Hey! Teacher! Leave them kids alone!
Em 30 de novembro de 1979, o grupo britânico Pink Floyd lançou seu décimo primeiro álbum intitulado The Wall. Foi composto quase que unicamente pelo lendário baixista e vocalista Roger Waters, e foi o último a ser produzido pela formação original da banda.
As canções do disco são fatias das vivências do letrista Roger Waters que falam da perda de seu pai durante a 2ª Guerra Mundial, de sua desilusão sobre a fama, seus questionamentos e posicionamentos contra sistemas autoritários.
O álbum é uma odisseia que narra a história de um personagem fictício, Pink.
Quando se escuta música por música do disco, entendemos os motivos pelos quais personagem Pink, que representa os sentimentos de Waters, coloca tijolo por tijolo em seu muro de isolamento pessoal.
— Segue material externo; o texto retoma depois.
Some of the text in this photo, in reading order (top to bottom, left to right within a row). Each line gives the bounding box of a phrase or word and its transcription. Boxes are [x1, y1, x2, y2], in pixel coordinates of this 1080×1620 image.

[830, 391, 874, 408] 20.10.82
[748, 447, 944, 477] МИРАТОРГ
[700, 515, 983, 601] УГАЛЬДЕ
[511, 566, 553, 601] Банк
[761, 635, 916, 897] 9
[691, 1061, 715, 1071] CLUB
A infância sem pai, a mãe dominadora, o sistema educacional rígido, um governo autoritário que controla seu povo, desencantamento com o estrelato, um casamento alienado e até mesmo as drogas às quais ele se volta a fim de encontrar libertação. Tijolo atrás de tijolo.
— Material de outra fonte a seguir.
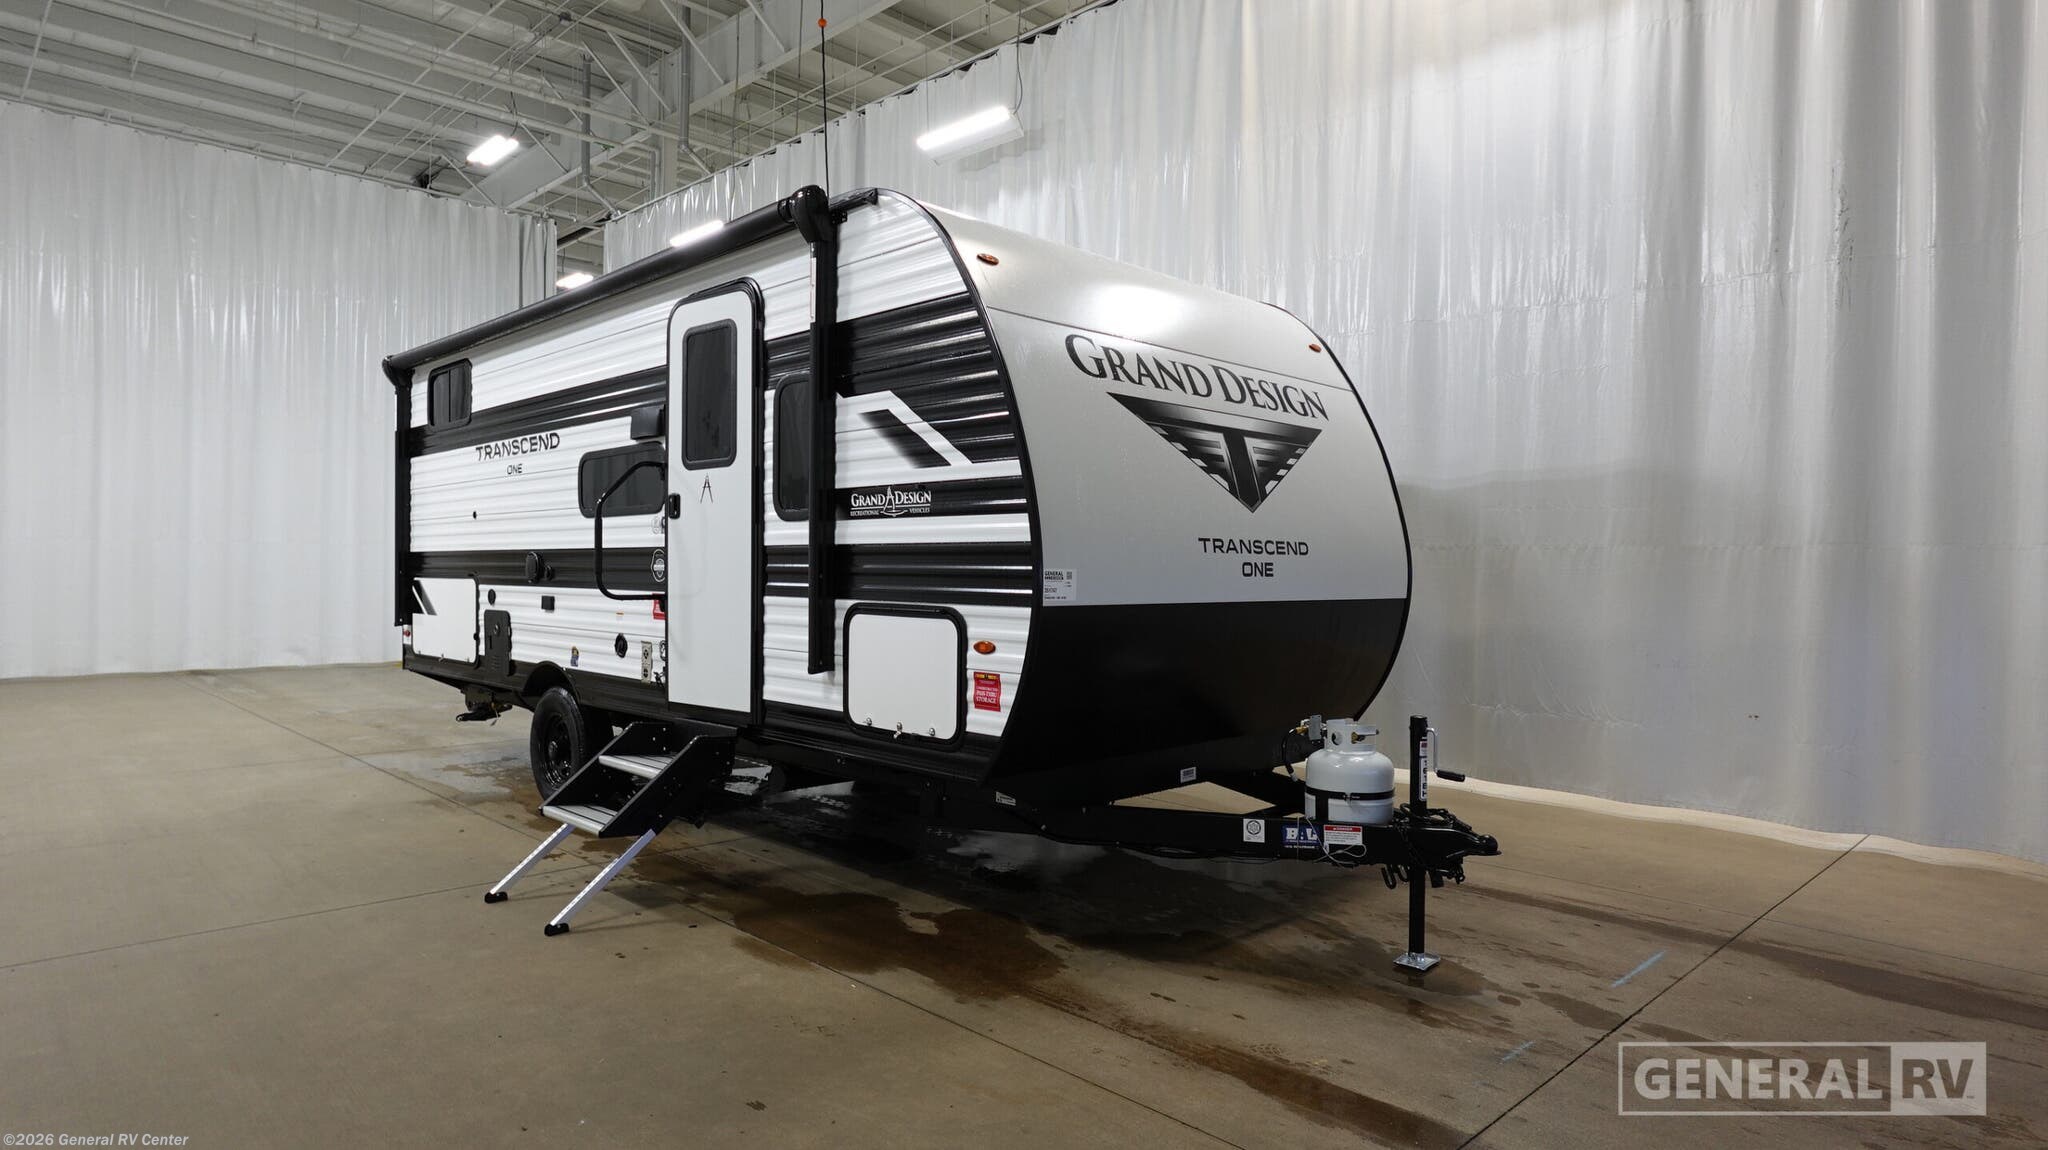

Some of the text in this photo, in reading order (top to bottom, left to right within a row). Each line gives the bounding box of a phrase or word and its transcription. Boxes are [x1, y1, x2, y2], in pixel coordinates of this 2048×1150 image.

The Wall é um dos álbuns mais aclamados e conceituais do mundo e suas canções ainda ressoam fortemente na cabeça de todos. Mesmo com diversos sucessos no disco como Mother, Confortably Numb e Hey You a música com maior impacto no cenário na época - e até hoje – se intitula Another Brick in The Wall.
A música foi dividida em três partes distintas, e o trecho mais famoso é o segundo. Another Brick in The Wall – Parte II, carrega em sua letra a icônica frase “Hey! Teacher! Leave them Kids alone” (Ei! Professor! Deixe as crianças em paz).
Carregada de críticas sobre a educação autoritária, a canção se tornou um símbolo de protesto estudantil contra o ensino totalitário.
Em uma entrevista cedida ao Jornal Folha de S.Paulo, Roger Waters expõe seu pensamento sobre a canção ser símbolo de resistência, “The Wall não é algo construído, inventado. É a minha vida. Sou eu escrevendo sobre meus sentimentos e pensamentos. E, obviamente, tem algumas músicas cativantes. "Another Brick in the Wall" é uma espécie de hino de protesto bacana para jovens estudantes cantarem –ou qualquer pessoa cantar. Na África do Sul, antes do fim do apartheid, garotos negros cantavam isso nas ruas quando estavam recebendo tiros da polícia.”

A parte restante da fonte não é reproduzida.